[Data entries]
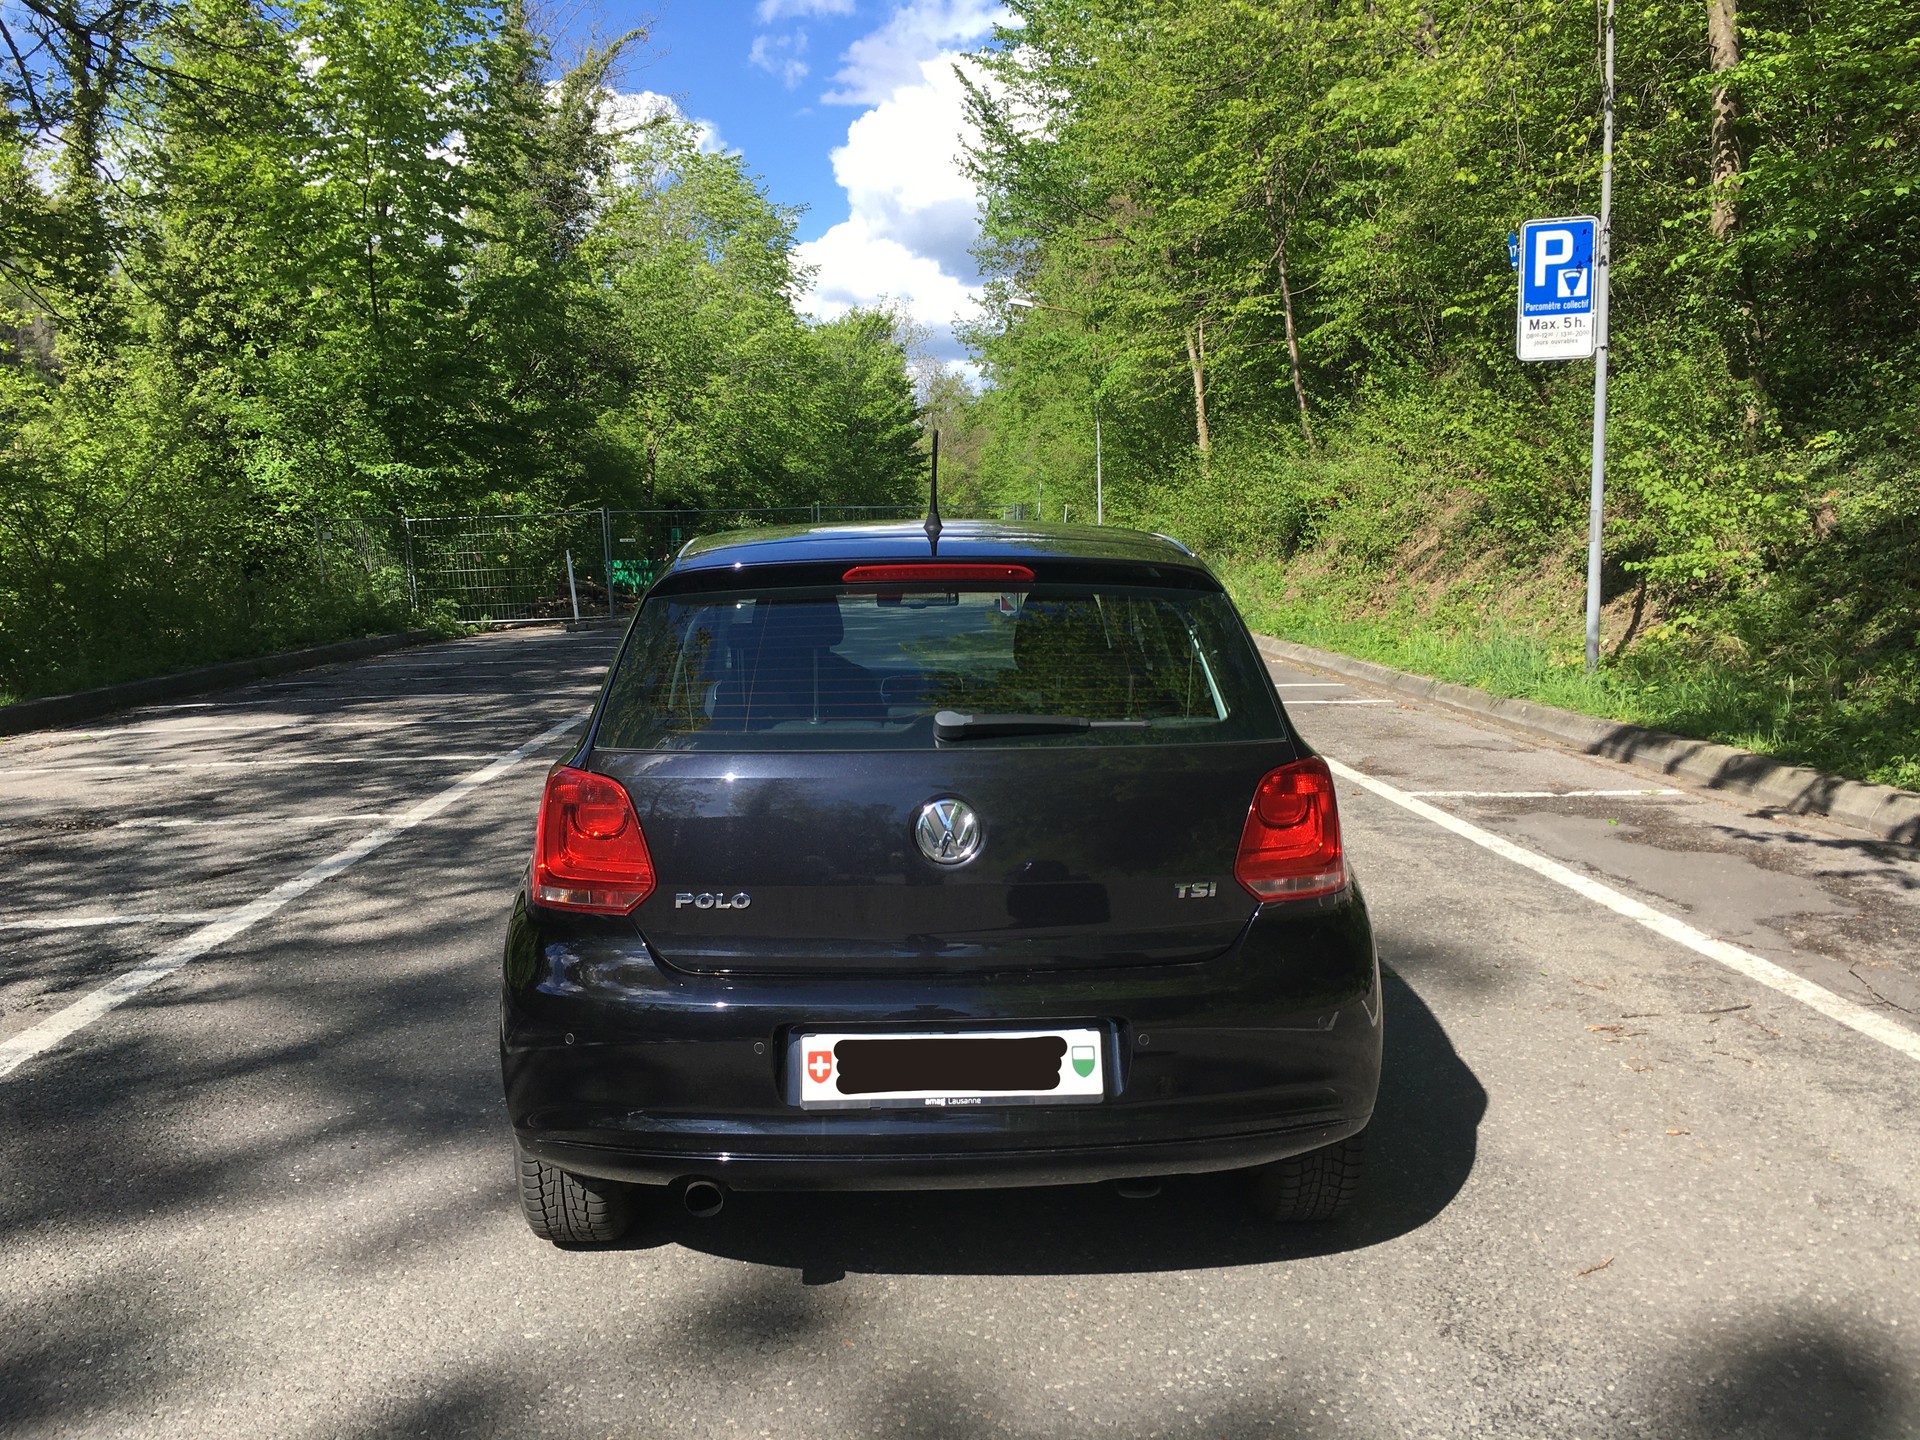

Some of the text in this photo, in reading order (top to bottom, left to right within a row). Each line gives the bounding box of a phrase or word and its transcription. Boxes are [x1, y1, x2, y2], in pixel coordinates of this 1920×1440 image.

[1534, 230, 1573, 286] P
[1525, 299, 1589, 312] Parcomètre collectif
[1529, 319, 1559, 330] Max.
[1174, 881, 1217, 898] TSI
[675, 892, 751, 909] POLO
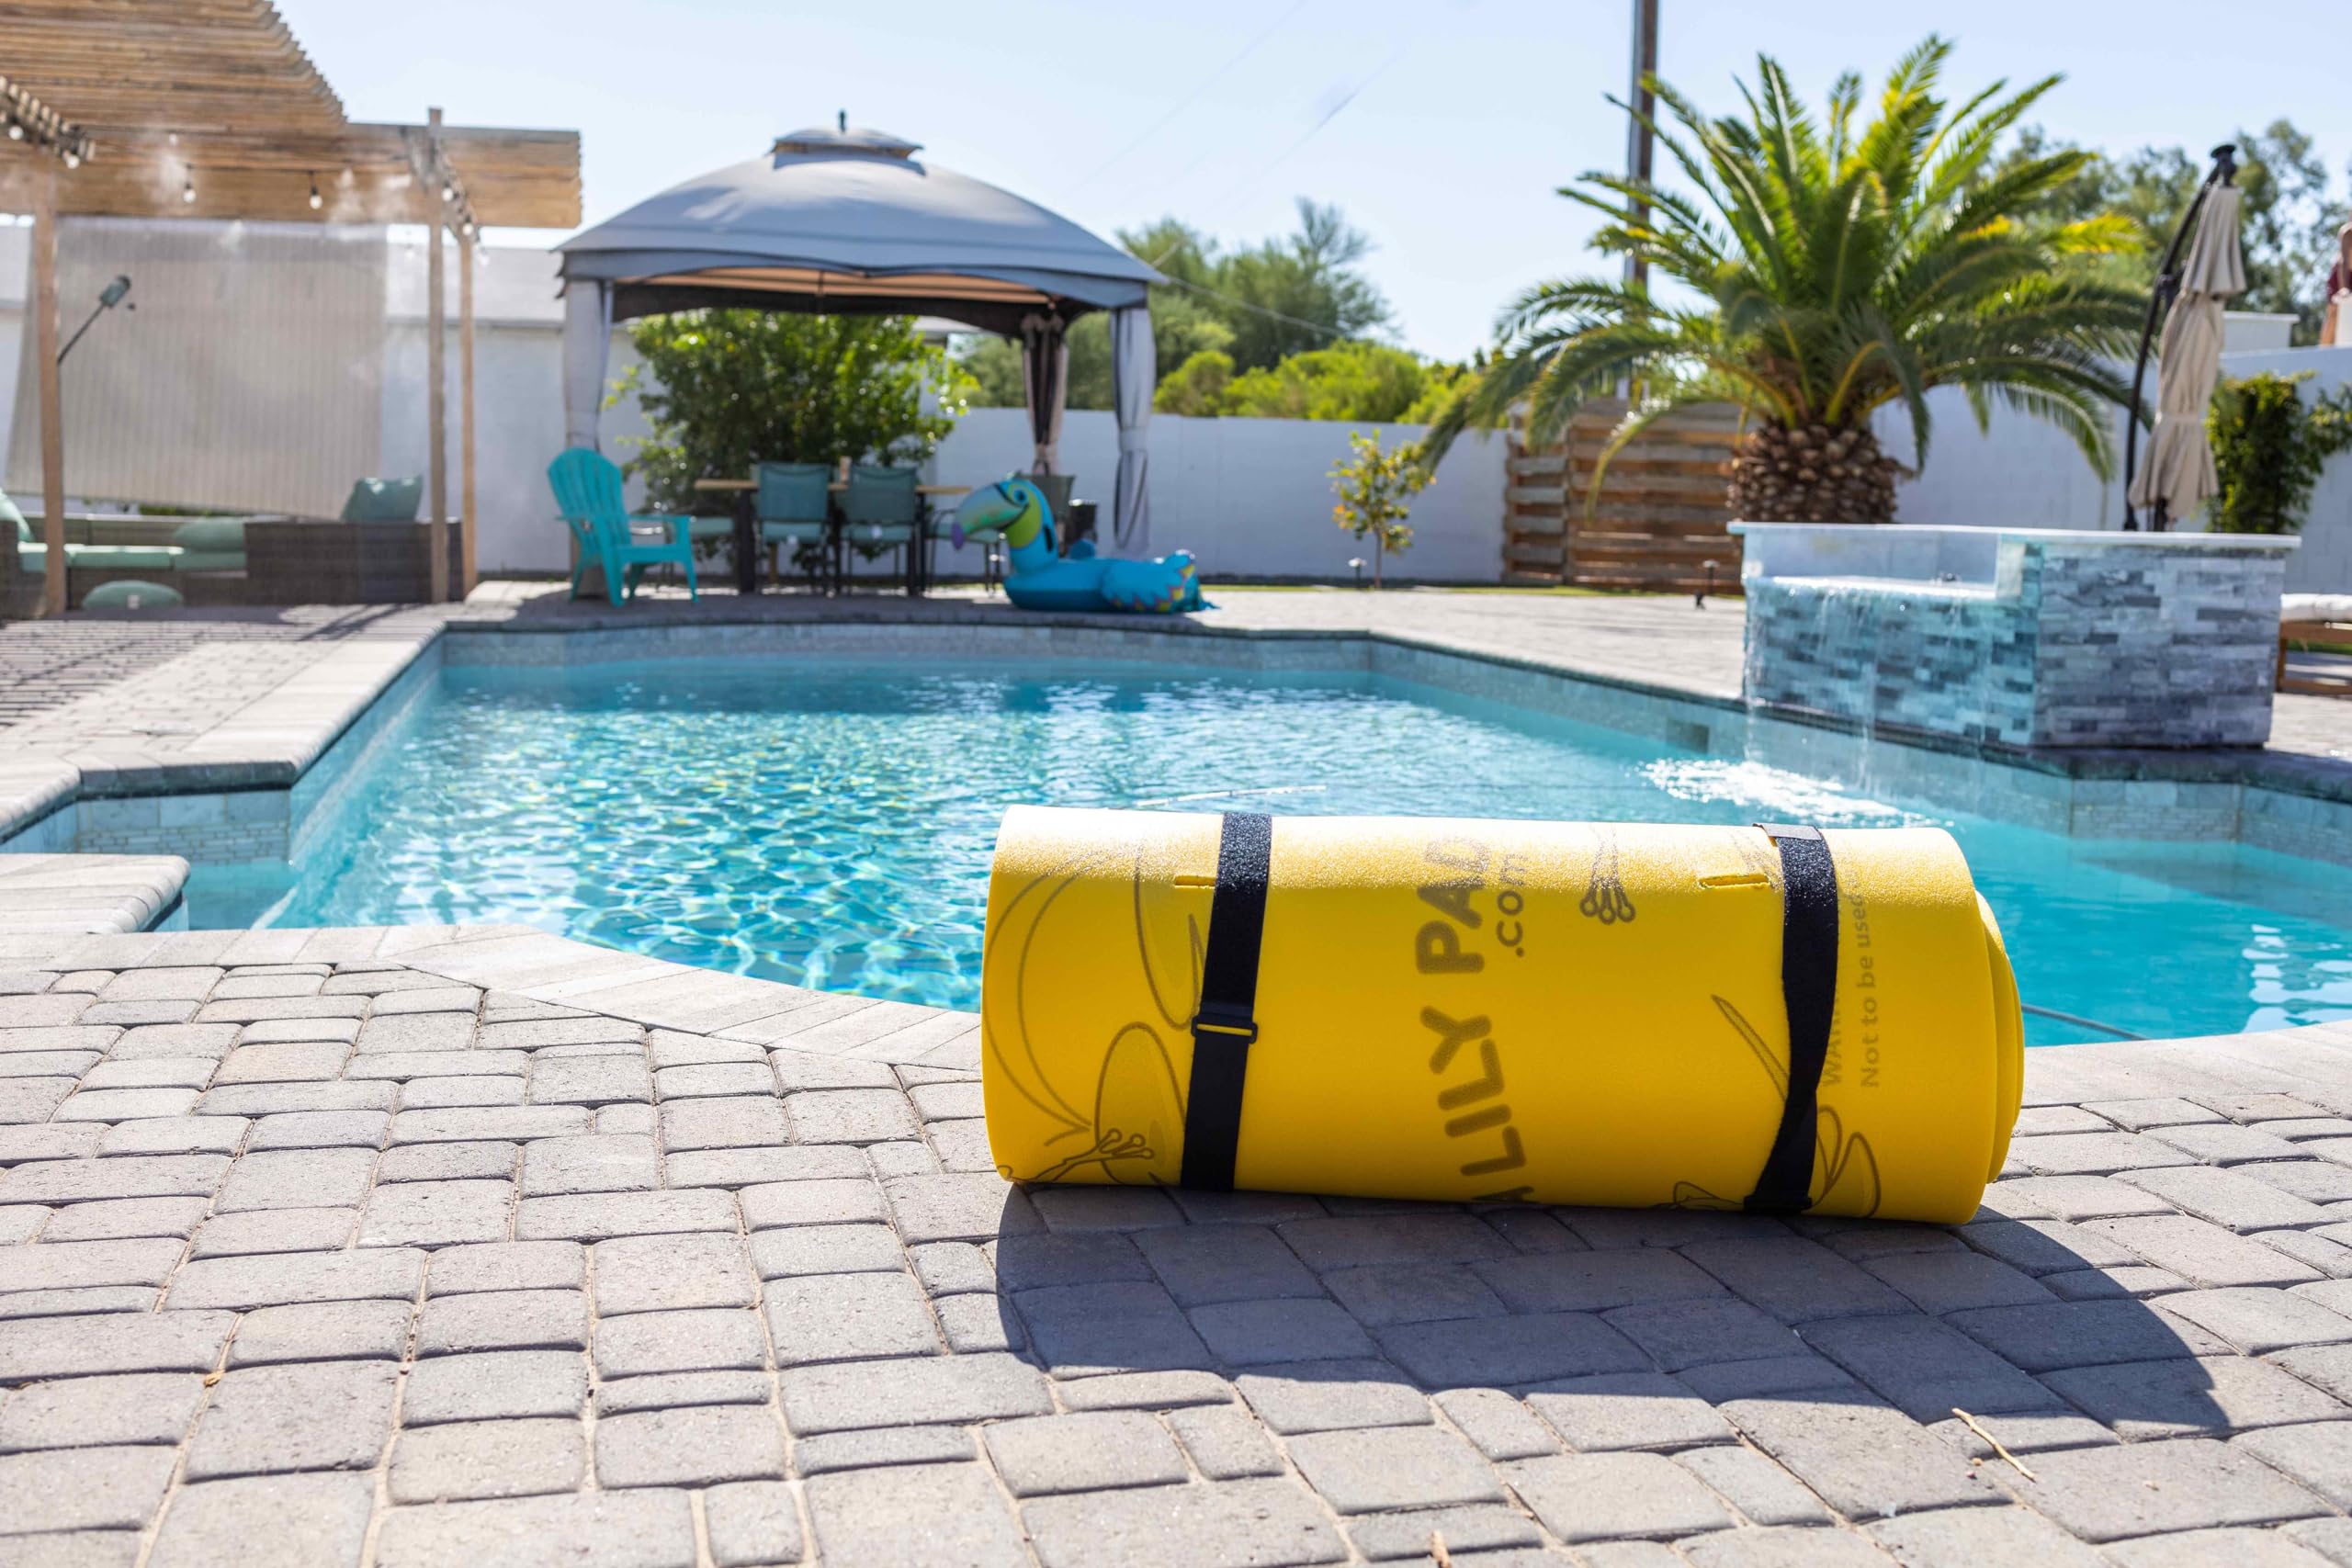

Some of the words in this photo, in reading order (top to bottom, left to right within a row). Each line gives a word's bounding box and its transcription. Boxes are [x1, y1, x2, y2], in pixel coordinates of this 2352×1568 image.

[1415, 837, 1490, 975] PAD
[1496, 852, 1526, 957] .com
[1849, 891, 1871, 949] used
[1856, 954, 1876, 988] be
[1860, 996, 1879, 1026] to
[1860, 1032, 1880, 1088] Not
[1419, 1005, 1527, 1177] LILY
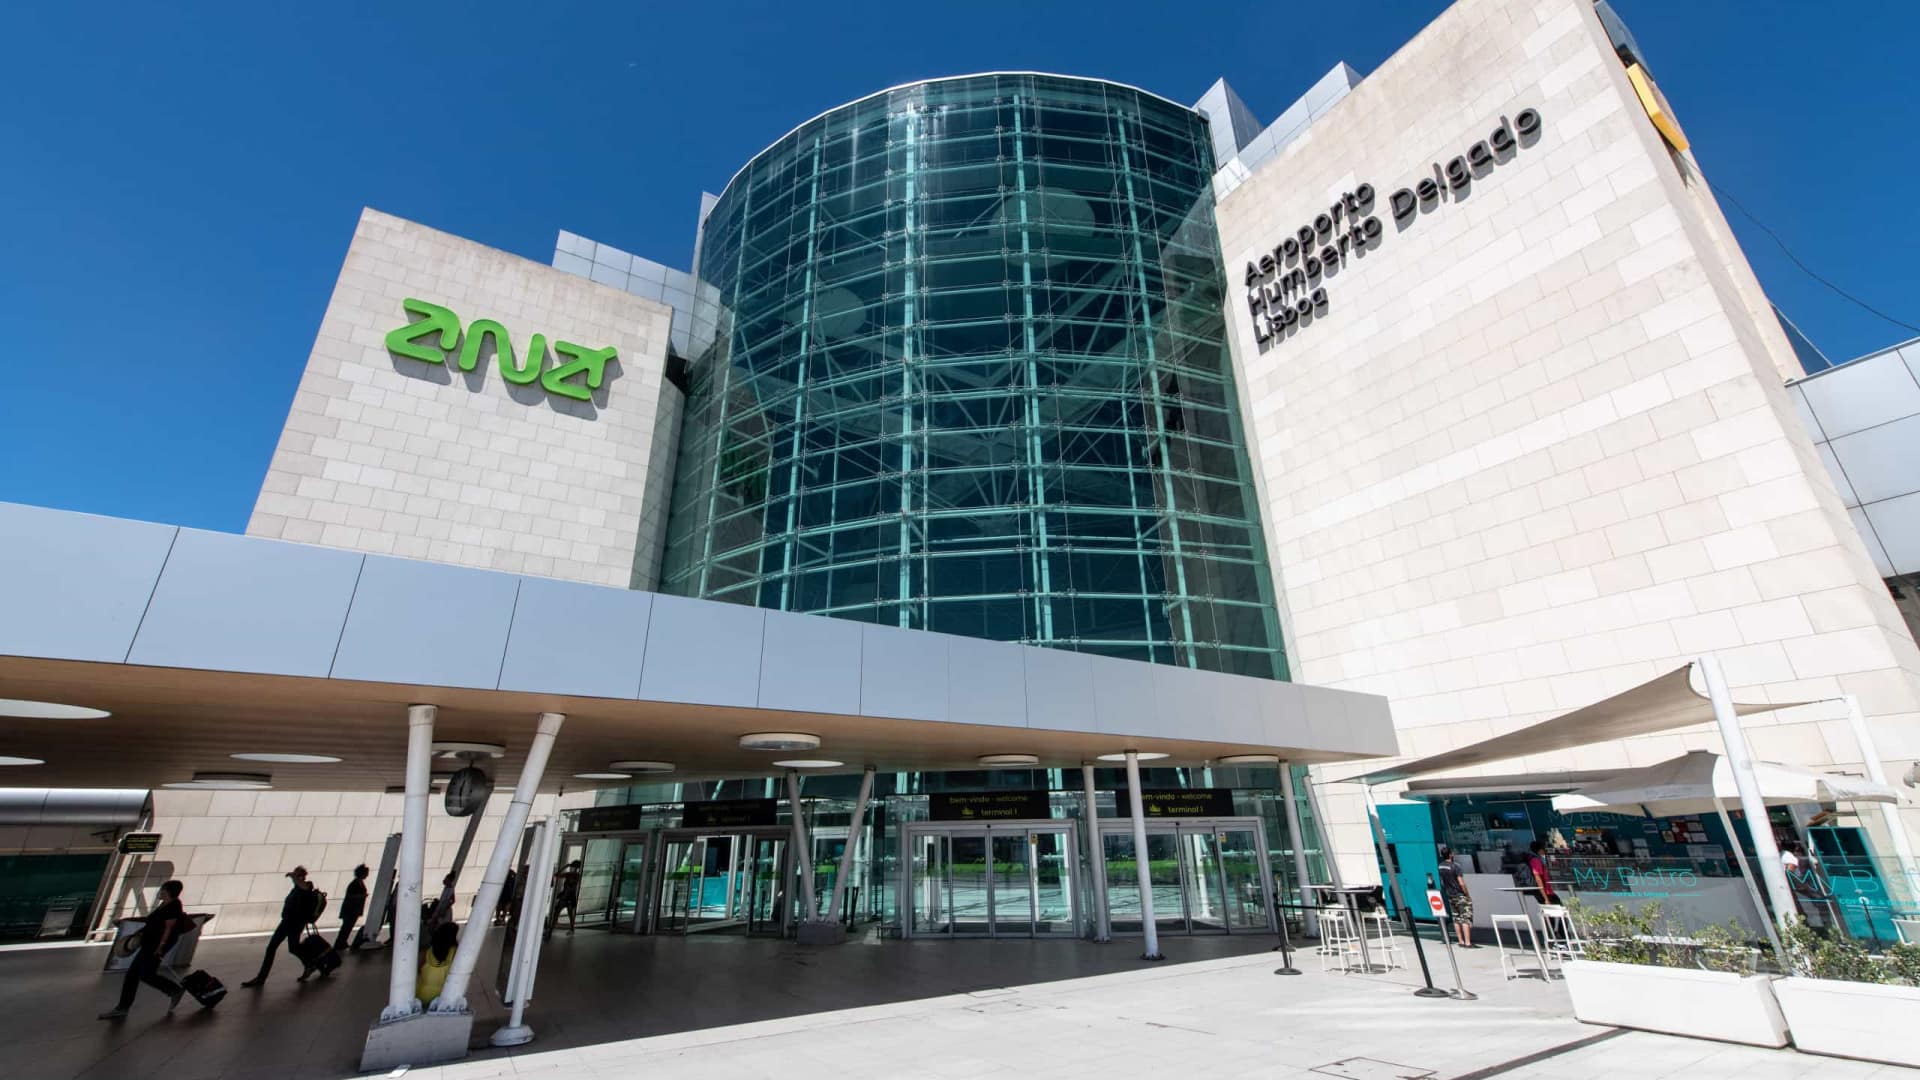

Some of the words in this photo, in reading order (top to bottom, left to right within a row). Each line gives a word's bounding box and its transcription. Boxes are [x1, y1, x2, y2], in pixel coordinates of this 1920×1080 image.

WHAT NEEDS TO BE DONE
Please print each entry exactly as it stands, without the pictures.

RESULT FOR THIS EXERCISE
Some of the text in this photo, in reading order (top to bottom, left to right within a row). Each line gives the bounding box of a phrase or word and its transcription. Boxes are [x1, y1, x2, y2], in pixel coordinates of this 1920×1440 image.

[1534, 230, 1573, 286] P
[1525, 299, 1589, 312] Parcomètre collectif
[1529, 319, 1559, 330] Max.
[1174, 881, 1217, 898] TSI
[675, 892, 751, 909] POLO

Some of the words in this photo, in reading order (top to bottom, left to right within a row). Each line gives a word's bounding box and its transcription. Boxes are [x1, y1, x2, y2], in pixel coordinates of this 2352×1568 image.

[1415, 837, 1490, 975] PAD
[1496, 852, 1526, 957] .com
[1849, 891, 1871, 949] used
[1856, 954, 1876, 988] be
[1860, 996, 1879, 1026] to
[1860, 1032, 1880, 1088] Not
[1419, 1005, 1527, 1177] LILY

Some of the words in this photo, in reading order (top to bottom, left to right within a row). Each line gives a word's bounding box and its transcription. Boxes are [x1, y1, x2, y2], in pixel coordinates of this 1920×1080 image.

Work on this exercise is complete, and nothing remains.